After the file, or files, are restored, moved, or copied, always verify the authority on the file. Domino is very particular in that the QNOTES profile must own all of the files in the /notes/data directory. If QNOTES does not own everything in the /notes directory, it can cause significant problems with the Domino server.

Individual databases are restored using the same command as used in the previous example by specifying the name of the directory and files to be restored. The previous example was specific mail files, for which you can ask the user to be out long enough to move the mail file into /notes/data/mail. However, for other databases, this is not the case, since you cannot restore a database that is in use; have users log out of the database and shut down the server before the restore. A sample server restore procedure is as follows:

1. Have users log out of Notes.

2. Sign on with a profile that has *JOBCTL and *SAVSYS authority.

3. Stop the Domino server by using the ENDDOMSVR command.

4. Use the RST command to restore the file from tape. You can substitute the tape drive for a save file if necessary. Change the tape device name to your own as follows:

RST DEV(‘qsys.lib/tap03.devd’) OBJ((‘/notes/data/sample/*.nsf’))

5. Verify that the owner of the restored file is QNOTES.

6. Restart the Domino server.

The examples I’ve presented so far for restoring mail and database files assume that you have a complete save available and do not require the restoration of incremental backups, so now take a look at an incremental recovery.

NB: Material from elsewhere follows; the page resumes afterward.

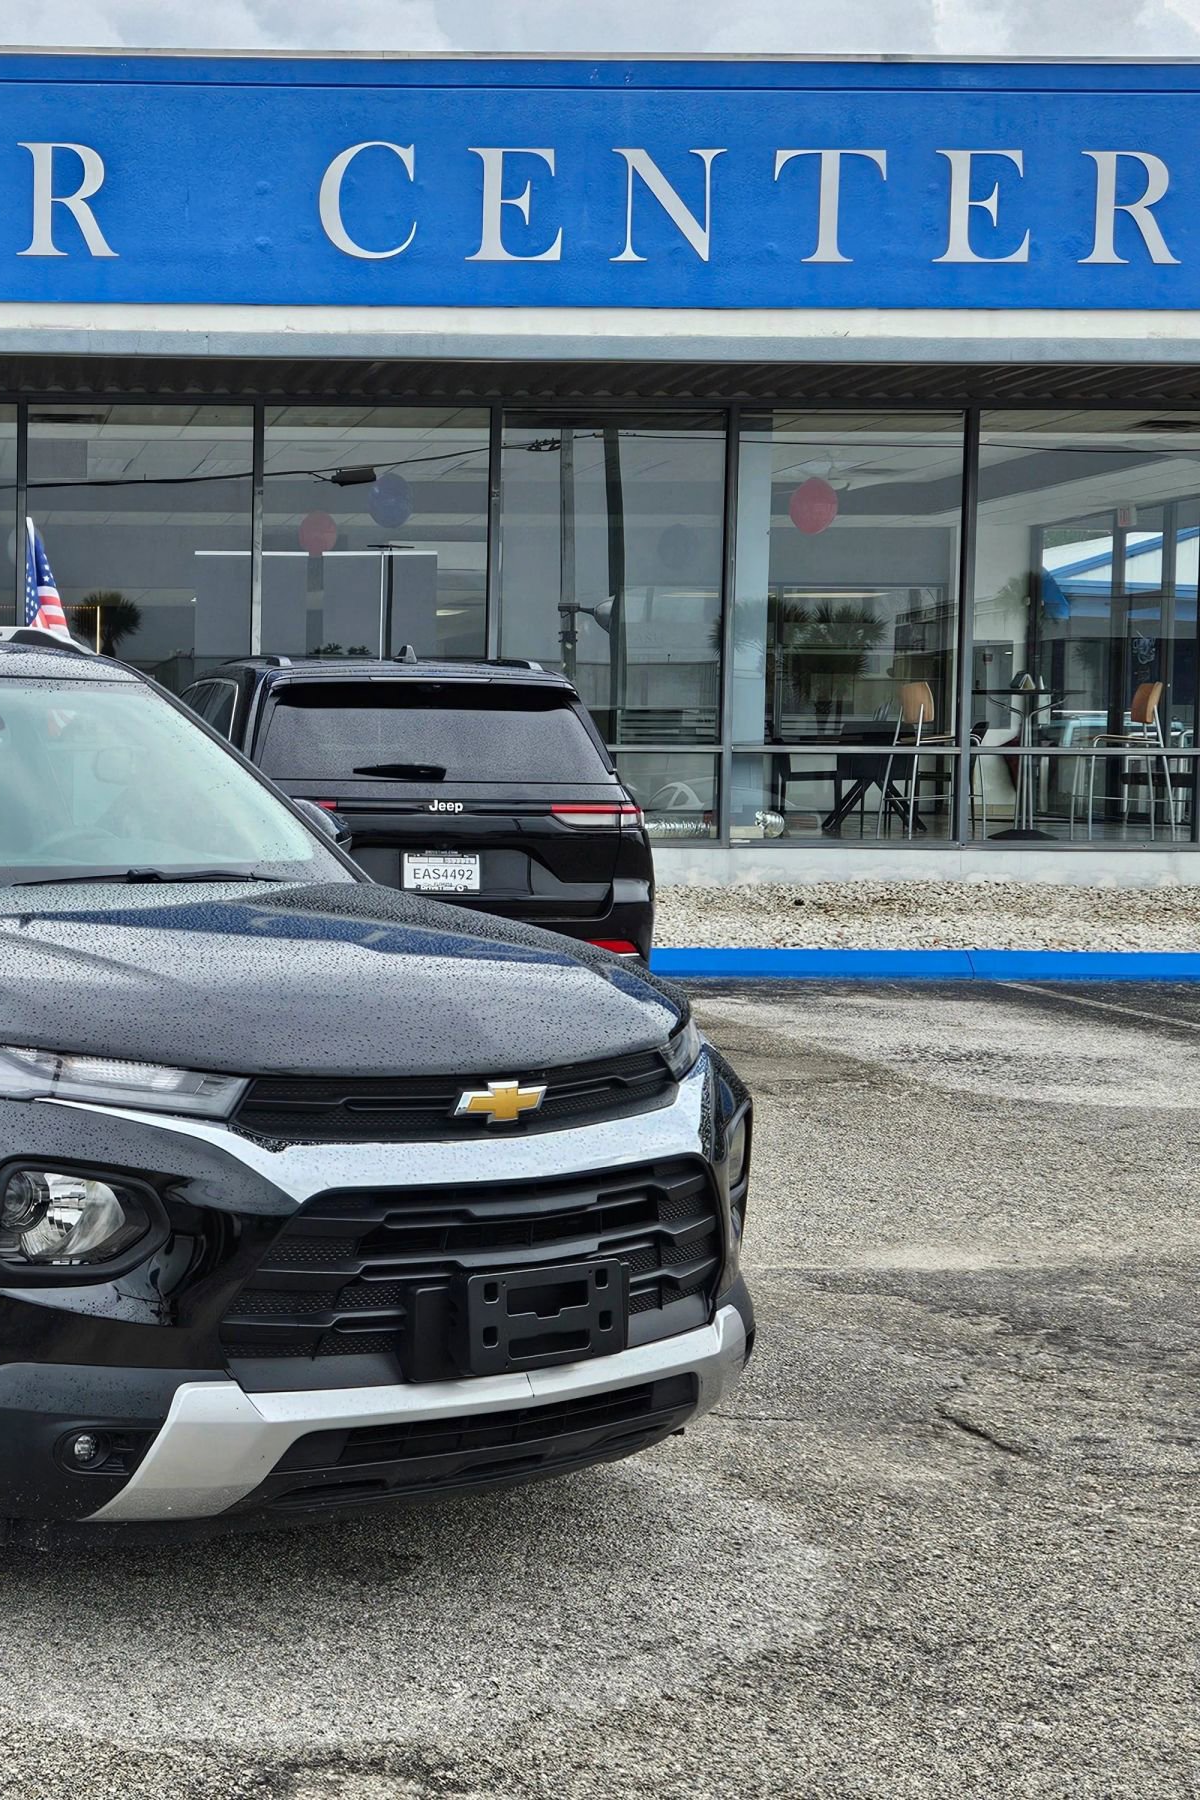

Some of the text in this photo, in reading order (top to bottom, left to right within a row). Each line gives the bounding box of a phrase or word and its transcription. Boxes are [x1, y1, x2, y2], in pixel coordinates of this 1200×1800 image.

[318, 141, 1182, 265] CENTER
[429, 800, 463, 813] Jeep
[413, 868, 473, 880] EAS4492

Assume that on Wednesday the entire /notes/data directory must be restored and your backup strategy is such that you perform full saves of the directory on Sunday nights and incremental backups on all other nights. The following steps might be used to recover to Tuesday night’s backup:

1. Have users log out of Notes.

2. Sign on with a profile that has *JOBCTL and *SAVSYS authority.

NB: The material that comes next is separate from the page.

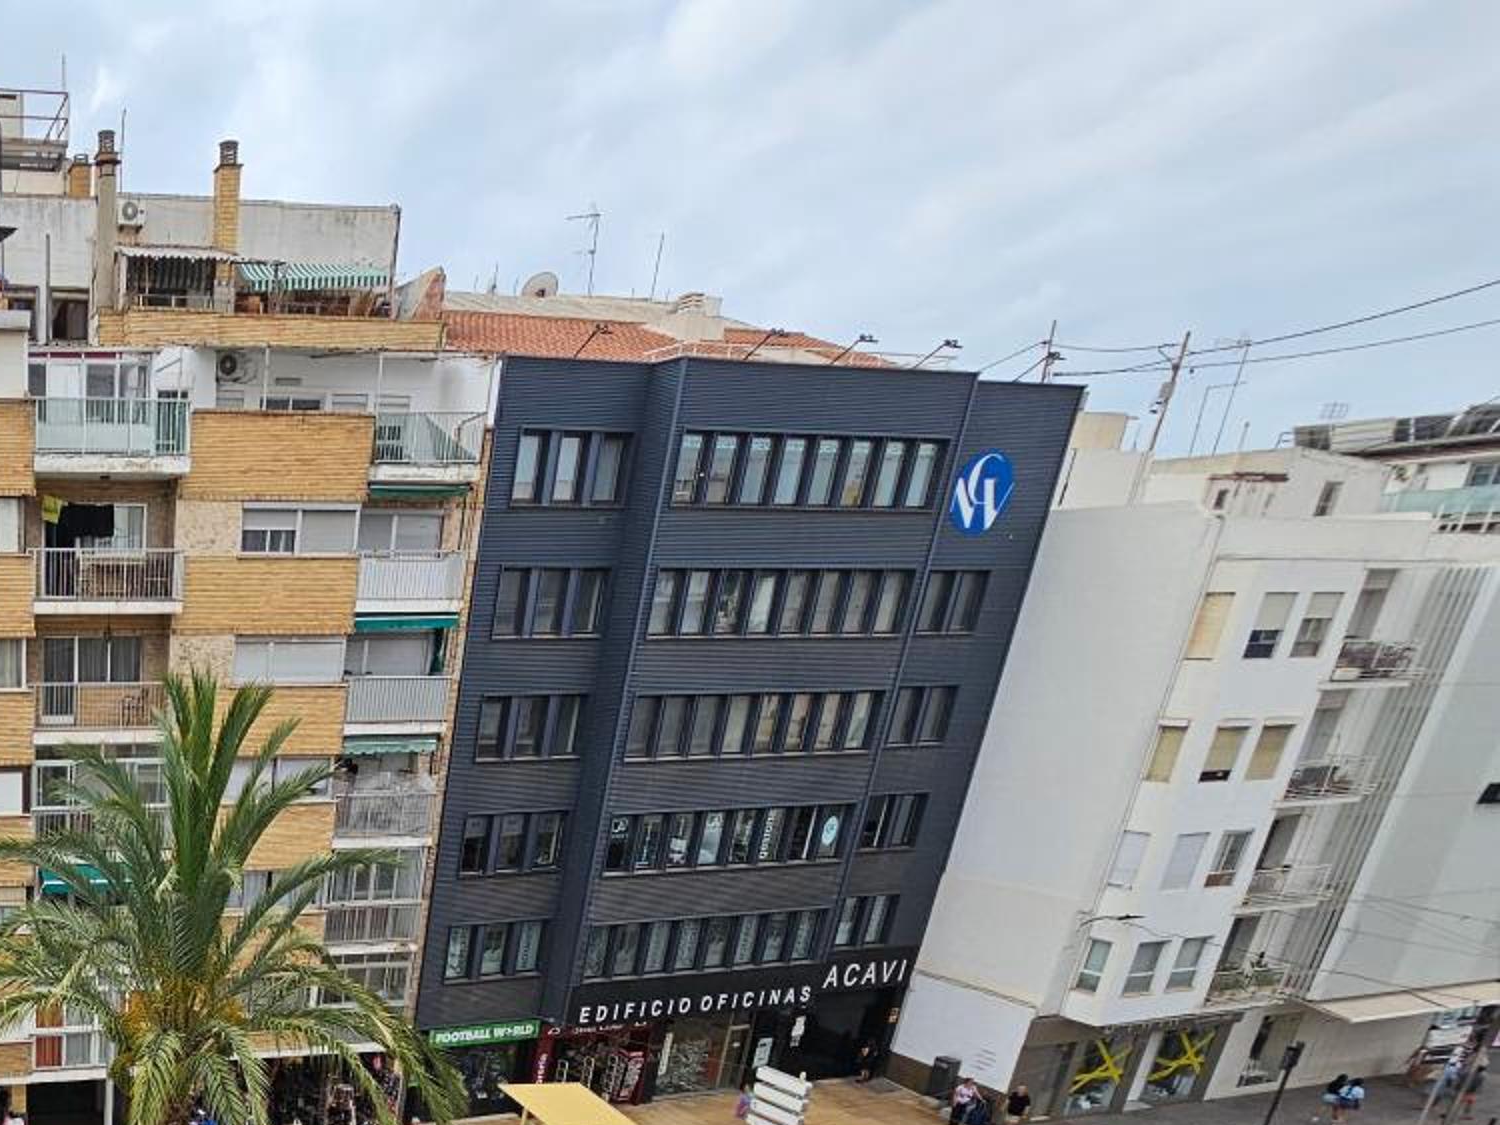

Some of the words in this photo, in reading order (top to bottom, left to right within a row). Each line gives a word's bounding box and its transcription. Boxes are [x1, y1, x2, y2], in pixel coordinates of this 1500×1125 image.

3. Stop the Domino server by using the ENDDOMSVR command.

4. Locate Sunday, Monday, and Tuesday nights’ backup tapes, then load Sunday night’s tape.



5. Use the RST command to restore the /notes/data directory from tape. Change the tape device name to your own as follows:

RST DEV(‘qsys.lib/tap03.devd’) OBJ((‘/notes/data/*’))

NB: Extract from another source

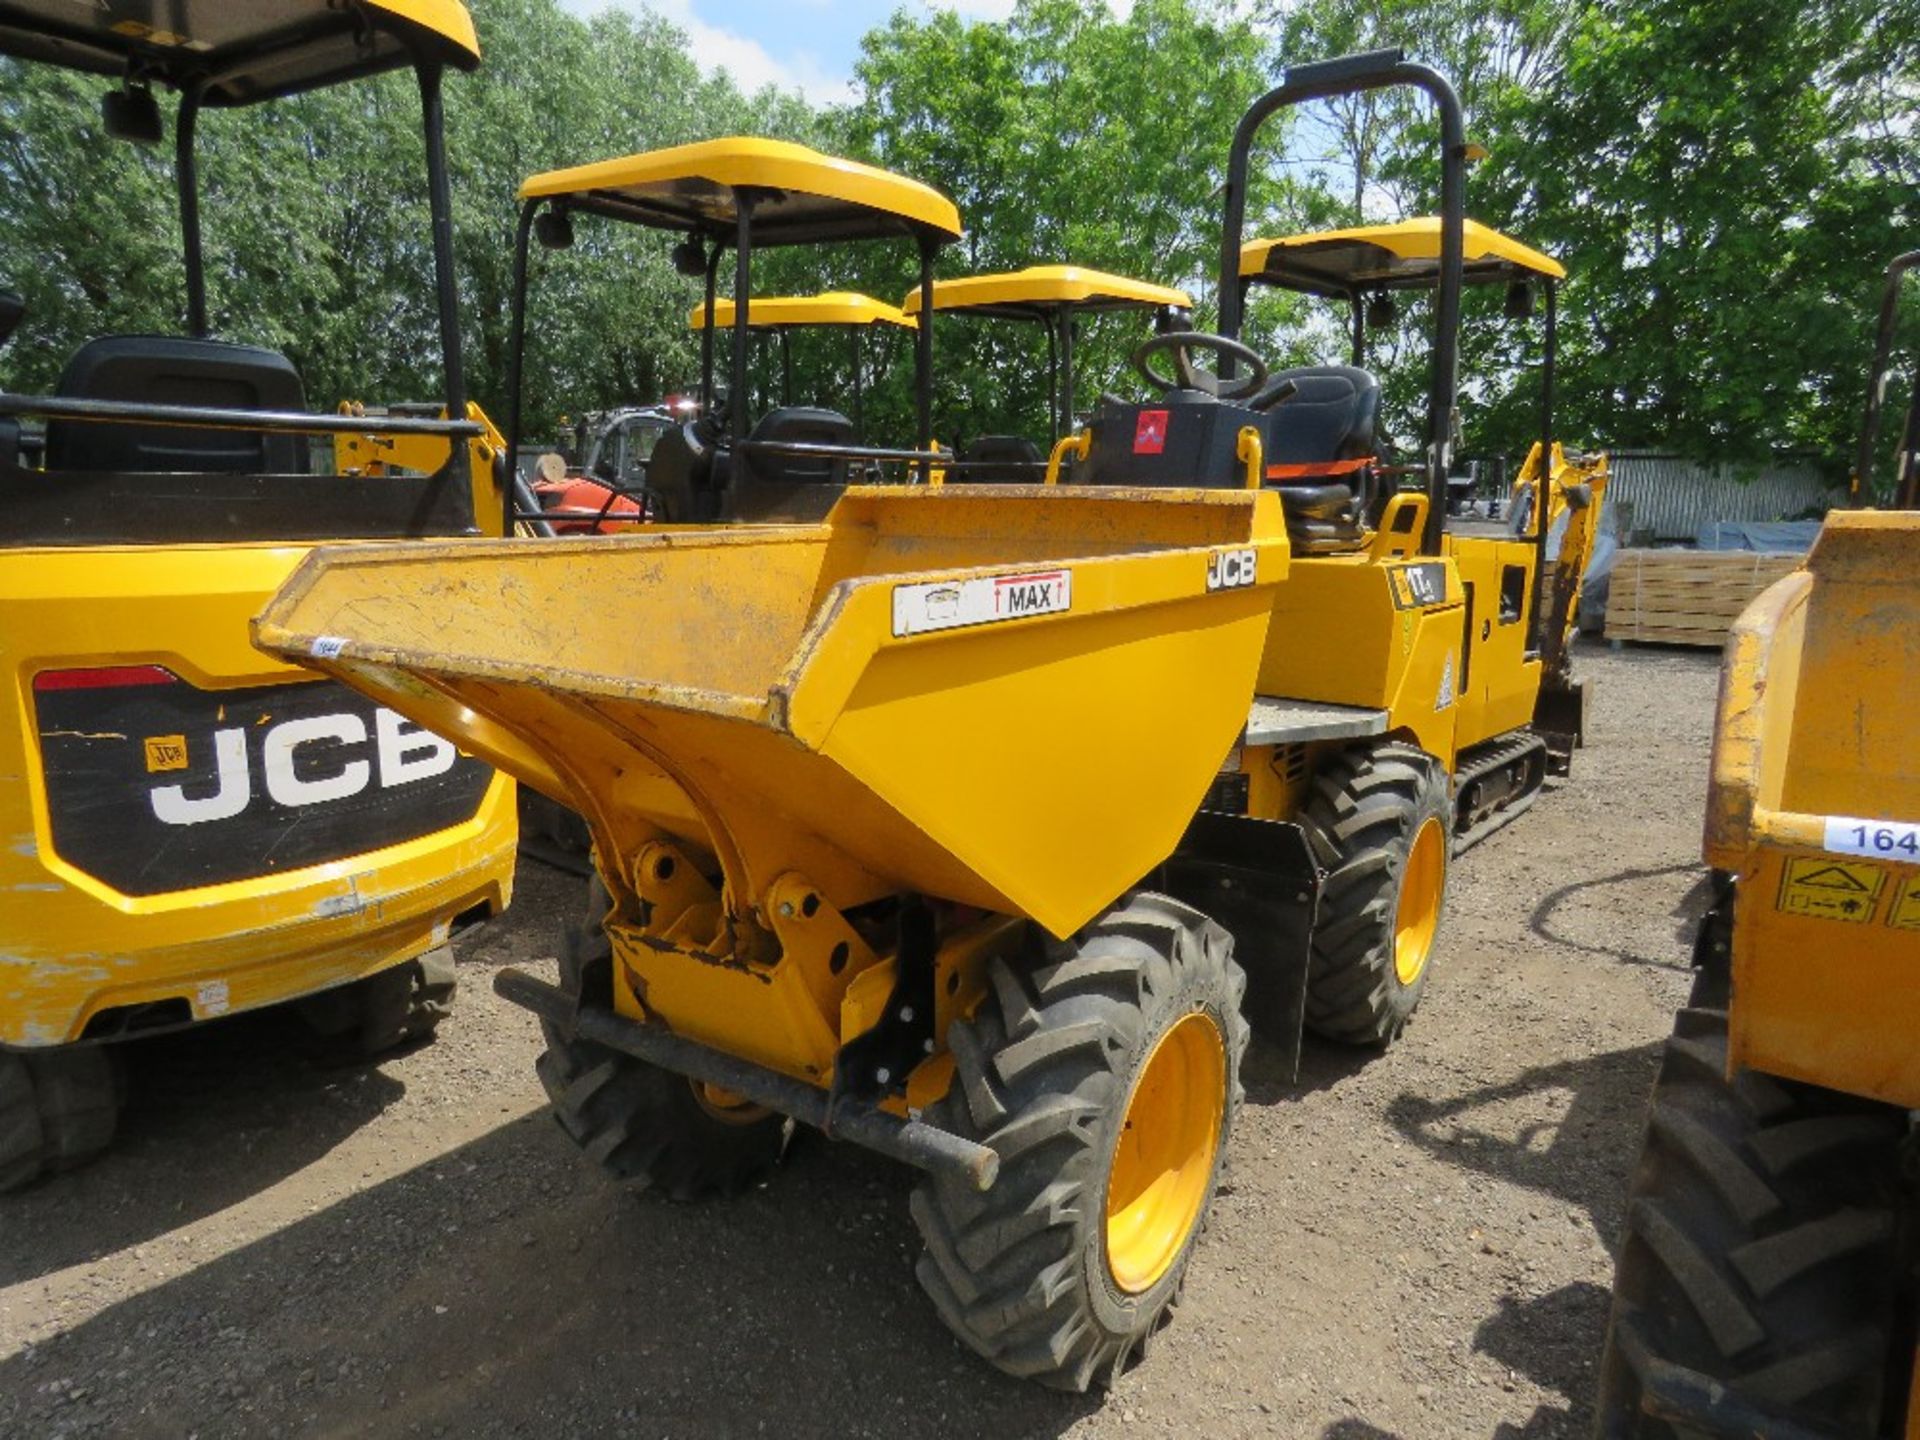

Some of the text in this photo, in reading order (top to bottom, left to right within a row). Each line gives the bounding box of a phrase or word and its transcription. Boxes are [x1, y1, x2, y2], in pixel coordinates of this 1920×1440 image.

[1207, 550, 1255, 589] JCB
[1009, 583, 1051, 612] MAX
[150, 707, 456, 826] JCB
[155, 745, 182, 766] JCB

6. Once /notes/data is restored, mount Monday night’s changed object save and reissue the command in Step 5. Repeat this step again for Tuesday night’s tape.

7. Verify that the owner of the restored file is QNOTES.

8. Restart the Domino server.

Much information has been covered here; however, I would be remiss if I did not cover directory synchronization after mentioning it in my April article. If you are using directory synchronization, there are special considerations for recovery. Both the AS/400 System Distribution Directory and the Domino Public Name and Address book should be recovered at the same time. The process for recovering the AS/400 System Distribution Directory and the Domino Name and Address book could be as follows:

1. Stop directory synchronization by using the call qnotesint/qnndiend.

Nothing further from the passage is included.